Trump seeks RFS fix for refiners, farmers

Source: By Philip Brasher, AgriPulse • Posted: Friday, December 8, 2017

President Donald Trump

President Donald Trump urged administration officials and oil-state senators in a White House meeting on Thursday to find a solution to refiners’ gripes about the Renewable Fuel Standard that would satisfy them as well as corn growers, the senators say.

The senators, who demanded the meeting in October after the administration made a series of commitments to benefit the ethanol industry, said some unspecified solutions were discussed but nothing was settled other than a commitment to ongoing discussions.

“There is a positive win-win solution that can be reached, and today’s meeting made meaningful steps toward advancing that solution,”  Sen. Ted Cruz, R-Texas, said after returning to the Capitol.

Cruz didn’t respond when asked by Agri-Pulse when he would release his hold on the nomination of Iowa Agriculture Secretary Bill Northey to be an undersecretary at USDA. Cruz initially blocked the nomination to get a White House meeting on the RFS issue.

EPA Administrator Scott Pruitt was joined at the meeting by Agriculture Secretary Sonny Perdue and a number of White House advisers involved in energy and agriculture policy.

At one point, Perdue brought up the Northey nomination and asked when it would be allowed to move forward, said Sen. James Lankford, R-Okla., one of the senators who attended. Lankford deferred questions to Cruz on prospects for a vote on Northey.

The senators are pressing refiners’ complaints that the cost of buying RFS compliance credits, known as RINs, or Renewable Identification Numbers, to comply with the biofuel usage mandates is threatening to drive some refineries out of business.

During the meeting Trump pushed for a mutually beneficial resolution, senators said.

“The president was listening and saying we need to find a way to protect both the consumer, the corn farmer and the folks at the refinery,” said Lankford.

Another senator who attended the meeting, Bill Cassidy, R-La., said Trump wants “both sides together to find a win-win so that we can say to the farmers, ‘Listen, we’ve got you back,’ but to the people who are employed in the refineries, ‘You’re not going to lose your job’. That’s the goal.”

Eleven senators were scheduled to attend, but at least one, Jeff Flake, R-Ariz., did not.

Cruz and Lankford were among nine senators who signed an Oct. 25 letter to Trump that asked for the RFS meeting and warned that if the administration does not “make adjustments or reforms” to the RFS, “it will result in a loss of jobs around the country.”

In November, EPA turned aside a key demand of the refiners and formally rejected a petition to change the “point of obligation” for RFS compliance to blenders. EPA also finalized usage mandates for 2018 that mandates 15 billion gallons of conventional biofuel – typically viewed as corn ethanol – and an additional 500 million more gallons of advanced biofuel over what the agency suggested in a July proposal.

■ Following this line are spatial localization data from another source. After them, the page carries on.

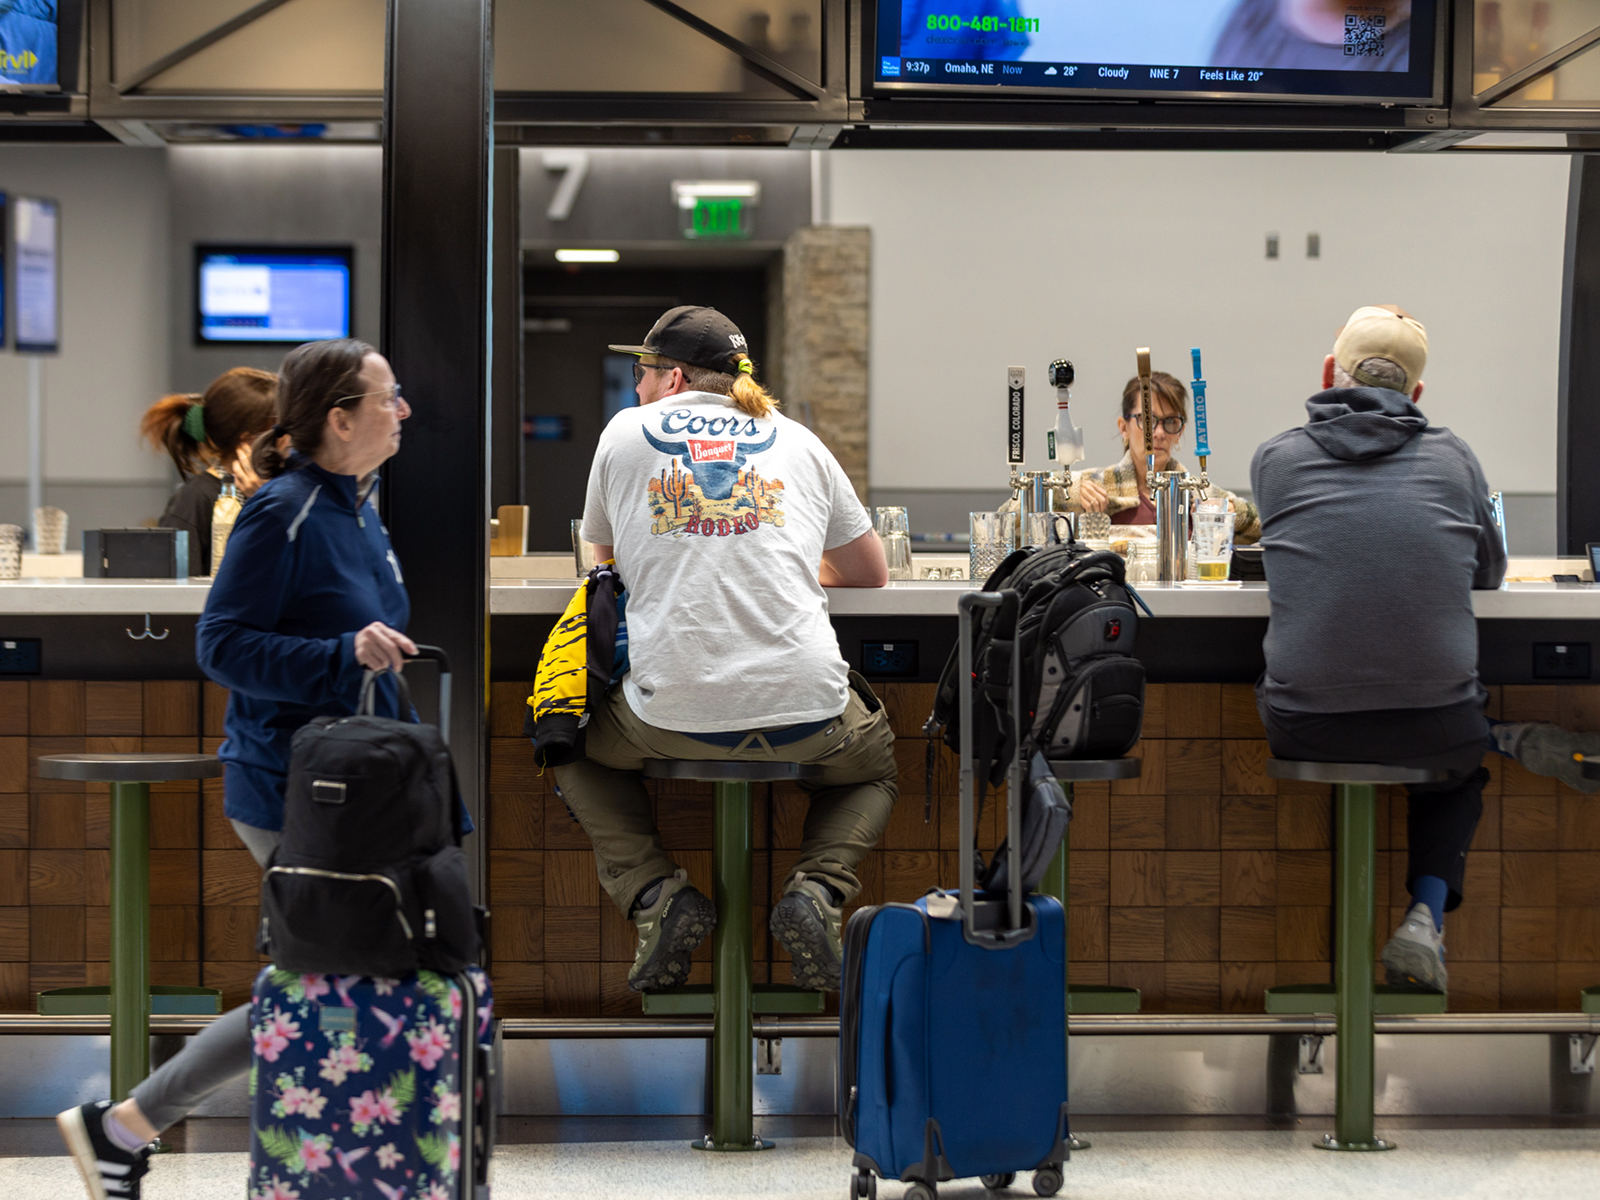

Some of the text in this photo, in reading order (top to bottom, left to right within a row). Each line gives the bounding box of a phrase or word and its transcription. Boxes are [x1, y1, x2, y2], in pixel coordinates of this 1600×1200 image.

[926, 14, 1040, 33] 800-481-1811
[906, 61, 1264, 82] 9:37p Omaha, NE Now 28° Cloudy NNE 7 Feels Like 20°
[541, 149, 588, 219] 7
[660, 408, 760, 437] Coors
[1012, 391, 1021, 460] FRISCO, COLORADO
[1143, 392, 1152, 443] ELEVATION
[1195, 395, 1207, 444] OUTLAW
[694, 442, 733, 460] Banquet
[684, 512, 760, 537] RODEO

Biofuel groups dismissed the senators’ demands as an effort to get the administration to back off its commitment to the RFS.

Brooke Coleman with the Advanced Biofuels Business Council said oil refiner Valero was behind the effort, and criticized the company for “demanding that the EPA sacrifice America’s rural economy on the same day the refiner is posting massive ‘post quarterly profits.’”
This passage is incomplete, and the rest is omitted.